I'm 45 and lucky to be alive. I was a bit of a wild child in my youth and much of what I did should have killed me, but I'm still here. I'm struggling with many issues, but age isn't one of them.
When I was growing up, the older you were, the more respect you commanded. I'm a Southern farm kid and was raised to be quiet and listen to my elders. There are times when that isn't really the appropriate way to treat a child - I was molested for about 14 years and no one would listen or believe because I was a child - but all things considered, it really was better for me to be "seen and not heard". Had I been a loudmouth, I'd have missed the most wonderful stories, so much family history, and so much laughter from the adults around me. By keeping quiet and listening, I learned that older people really were wiser than the rest of us and if I really wanted to learn (I wanted to know everything as a child) then I'd listen to my elders. I'm glad I was raised that way.

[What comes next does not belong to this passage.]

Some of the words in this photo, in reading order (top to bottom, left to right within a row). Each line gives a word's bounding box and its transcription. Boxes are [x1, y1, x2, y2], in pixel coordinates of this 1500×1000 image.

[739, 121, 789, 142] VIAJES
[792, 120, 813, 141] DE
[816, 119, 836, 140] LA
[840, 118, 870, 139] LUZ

Now, that having been said, I wanted nothing more as a child than to get old. I wanted to be one of the wise people, one who was respected. I knew that I'd only get respect if I got old and wise. I wanted to be someone others turned to for advice, someone who had, if not all the answers, then at least a lot of them.

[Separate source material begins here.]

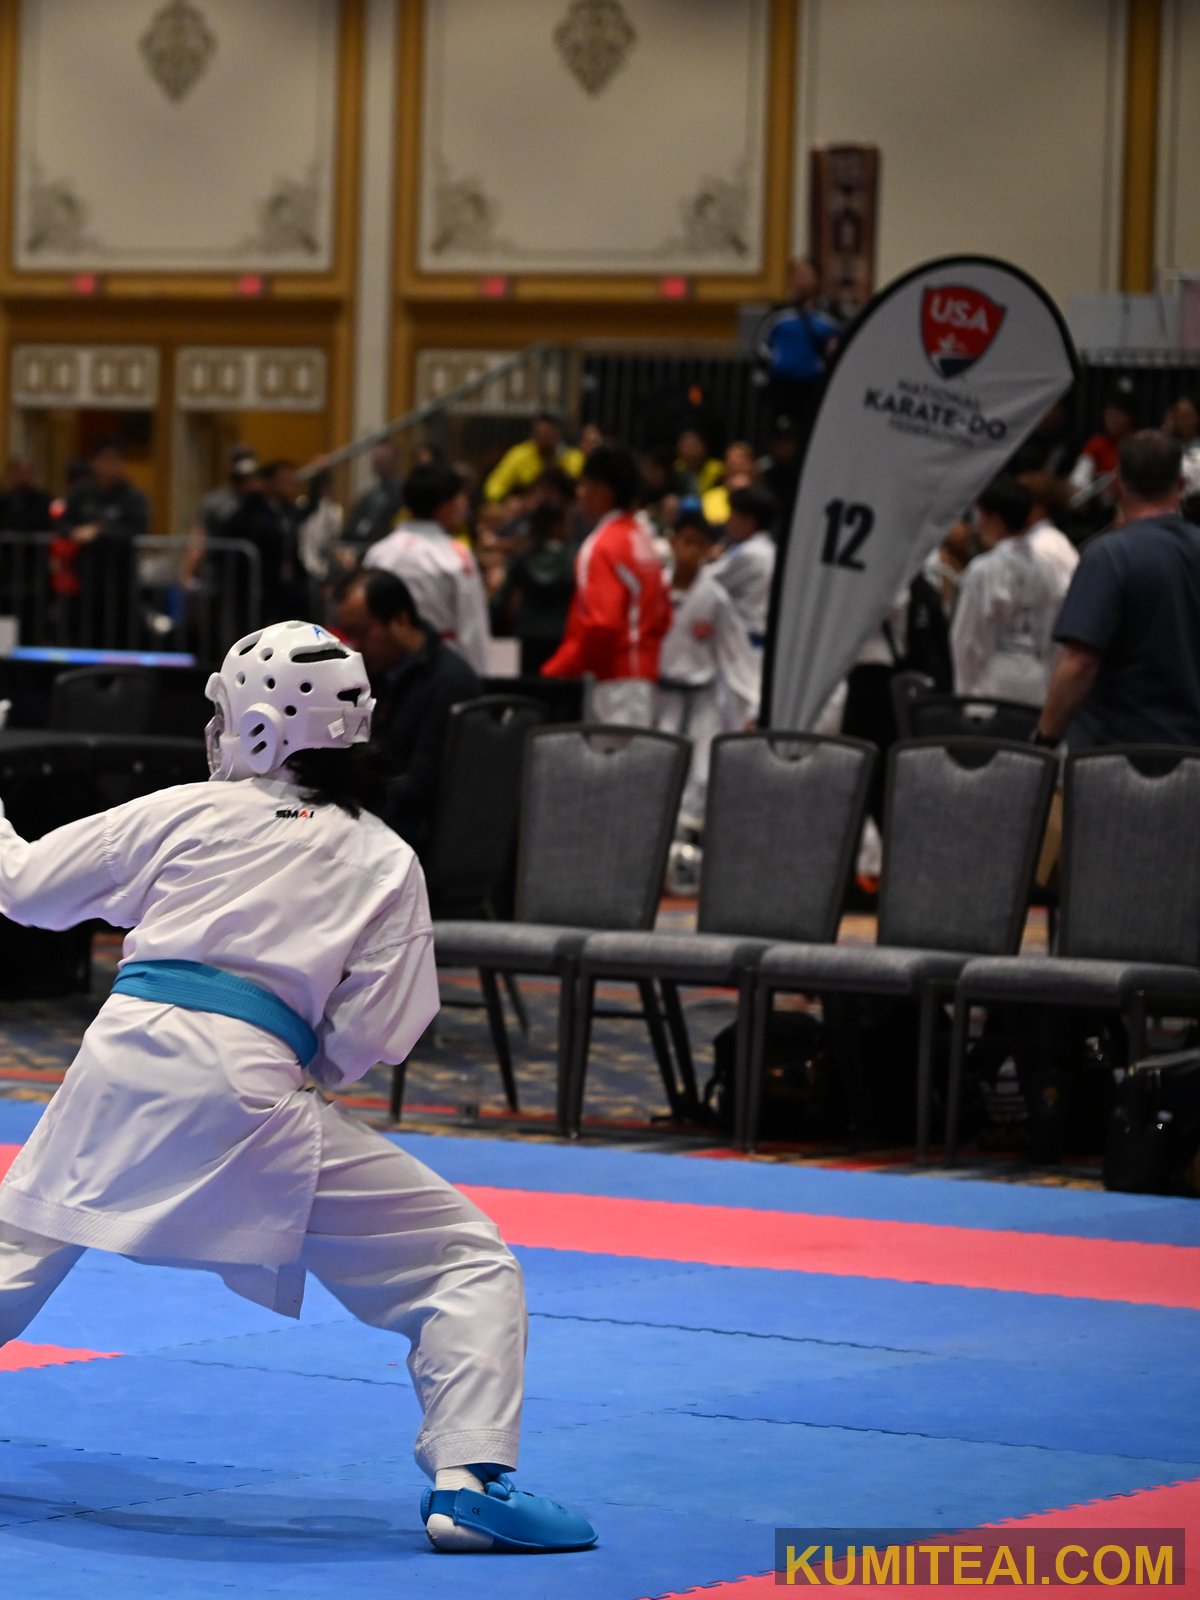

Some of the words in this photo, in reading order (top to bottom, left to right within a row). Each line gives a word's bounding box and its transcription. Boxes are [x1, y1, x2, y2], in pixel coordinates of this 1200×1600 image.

The older I get, the more respect I get from young people, though not nearly as much as older people got when I was a child. Still, it's better than what I got when I was a kid. Young people actually listen to me now. I'm grateful for that, and grateful that the idiot stunts I tried as a kid didn't kill me. Every additional year means just a little bit more respect, just a little more knowledge, and a little more wisdom.
I still want to know everything, I want to learn learn learn.....I have more books than the law should allow. Looks be damned, I want to know more about the world, about life. I don't care about gray hair, wrinkles or saggy boobs, I care what's in my head and my heart. The rest is just window dressing and almost completely irrelevent to WHO I am.
I'm grateful for every birthday because it means I'm still alive, and as long as I'm alive, I still have a chance to learn and maybe even to grow. The "growing" part is why I came here. :-)
Maybe that's trite, I don't know. I do know that it's true. I want to keep getting older, and I hope someday I'll be as respected as old people were when I was growing up.